There’s absolutely no question that we love our fried food. In fact, some of the most quintessentially American dishes are prepared with the frying technique: Fried chicken, French fries, fried shrimp, and corn dogs. In fact, many types of fried food are now available, all covered with a crunchy, deep-fried outer coating. These foods can range from fried butter, fried bubble gum, or fried Coke to the fried cheesecake, fried bacon, or fried Oreo cookies. No matter how you look at that crispy golden coating, Americans love fried food.
However, no matter how much we try to convince ourselves that fried zucchini slices are actually healthy, the reality is that fried food is associated with a number of chronic health issues. What are some of the health risks, and how can you reduce those risks without sacrificing your favorite fried foods?
Health Risks Associated with Fried Foods
Most fried foods, particularly those that you would get at a fast food restaurant, tend to be high in fat, calories, and sodium. Numerous studies have found that overindulging in fried foods carries an increased risk for Type 2 diabetes, high cholesterol, high blood pressure, obesity, and cardiac disease.
The main culprit is the hydrogenated oils that are often used to cook fried foods, particularly in fast food restaurants. Hydrogenated oils are high in trans fats, which raise bad (LDL) cholesterol levels and lower good (HDL) levels.

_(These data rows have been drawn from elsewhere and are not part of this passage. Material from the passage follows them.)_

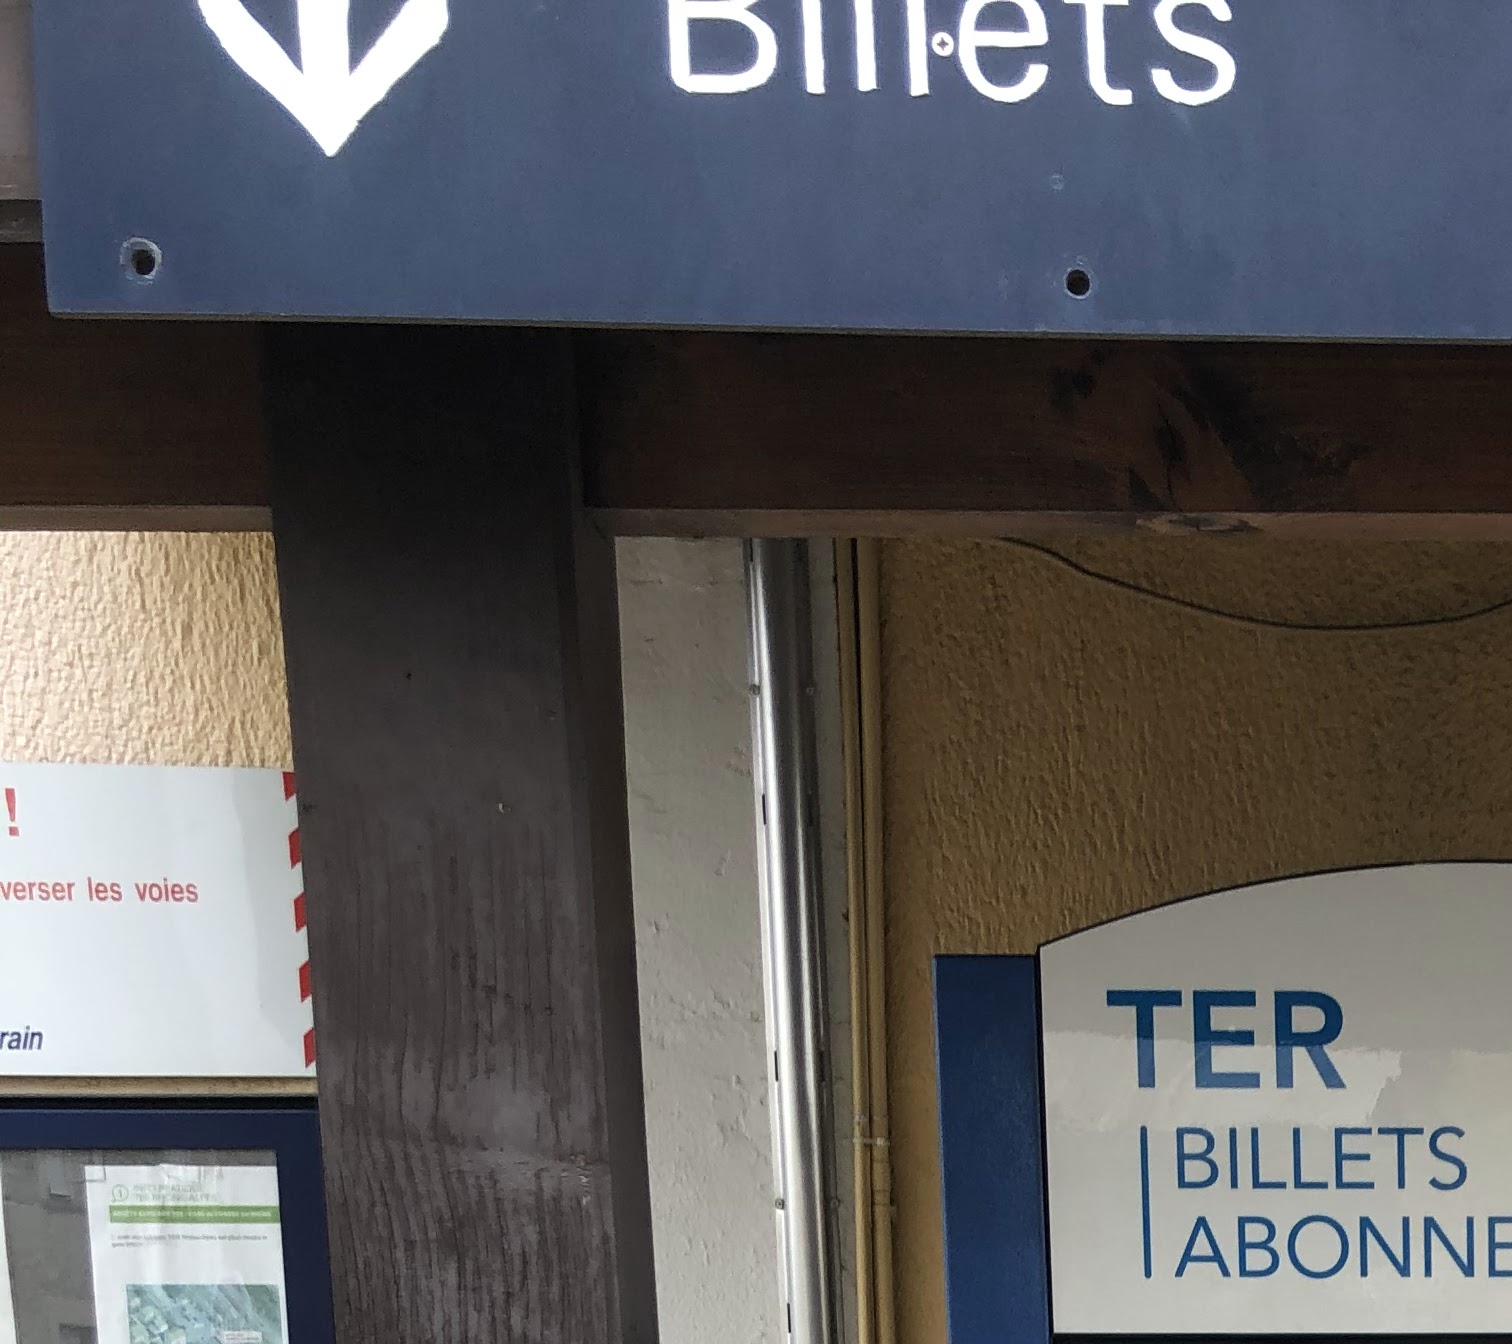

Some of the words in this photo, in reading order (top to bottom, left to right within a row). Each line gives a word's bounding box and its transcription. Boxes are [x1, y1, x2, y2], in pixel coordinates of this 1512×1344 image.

[668, 0, 1236, 106] Billets
[87, 876, 123, 903] les
[135, 877, 199, 904] voies
[1106, 988, 1347, 1090] TER
[1176, 1125, 1468, 1191] BILLETS

This problem is compounded if the oil is reused, which is a common practice, as the food will then absorb more of it. Furthermore, if you love your French fries or hash browns overcooked so that they are extra brown and crispy, you could be at higher risk for developing cancer. If certain foods, particularly potatoes, are fried at high temperatures for a long time, the amino acid asparagine will react with sugars in the food to form acrylamide. Studies on lab rats have shown that this chemical can cause cancer.
If you are not ready to give up fried foods entirely, there are ways to reduce them in your diet, and make them healthier at home.

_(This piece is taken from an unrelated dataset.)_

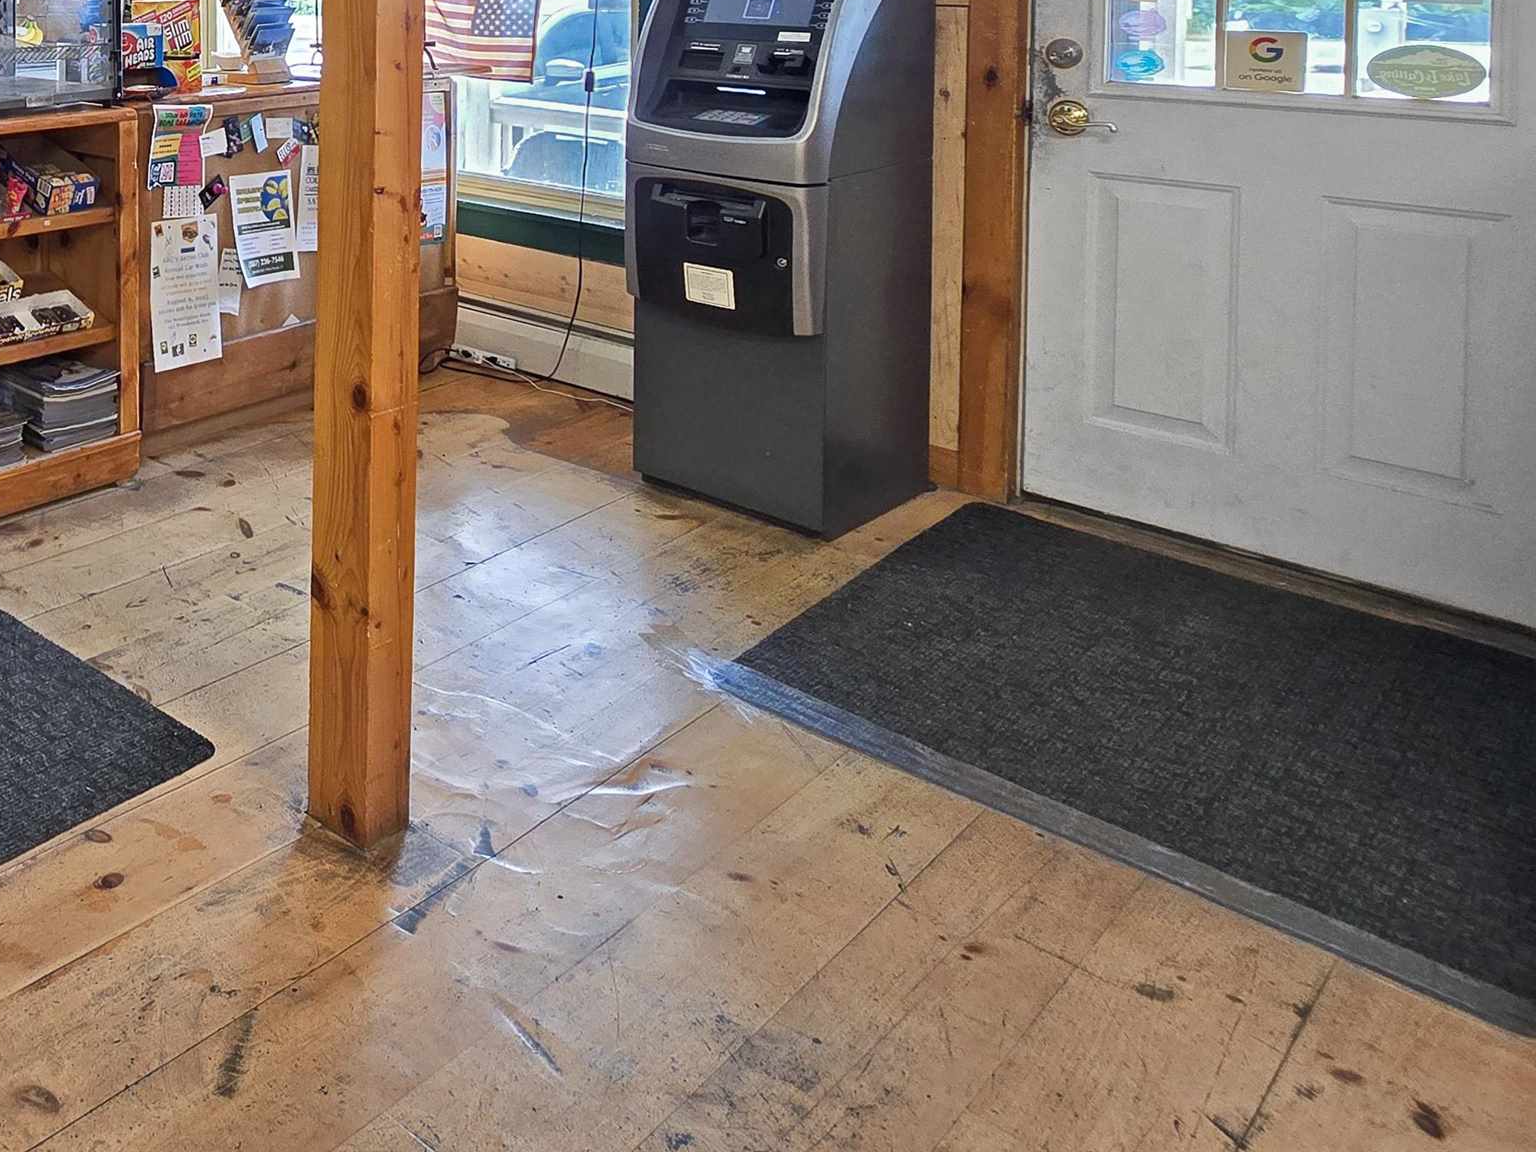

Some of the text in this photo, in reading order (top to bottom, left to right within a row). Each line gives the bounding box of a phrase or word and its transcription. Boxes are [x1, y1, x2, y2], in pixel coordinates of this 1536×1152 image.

[136, 37, 155, 52] AIR
[125, 49, 155, 67] HEADS
[1254, 73, 1293, 84] Google

First, don’t order fried foods when you eat out. Instead, use olive, soybean, or canola oils for frying at home. These oils contain poly-unsaturated and mono-saturated fats, which are healthier.
Don’t fry your food for too long, especially potatoes. Store them at room temperature, as sugars can build up if potatoes are stored in the fridge.
Finally, drain off all excess oil from your food, and use paper towels to soak up the last bits of oil. Don’t reuse the oil, but instead use a fresh batch every time that you fry.
Opting out of fried onion rings or French fries in favor of a salad when you eat out is always a great way to keep on track. The goal is not necessarily to deprive yourself entirely of your favorite fried foods, but to be aware of what you are eating and how you can make better choices.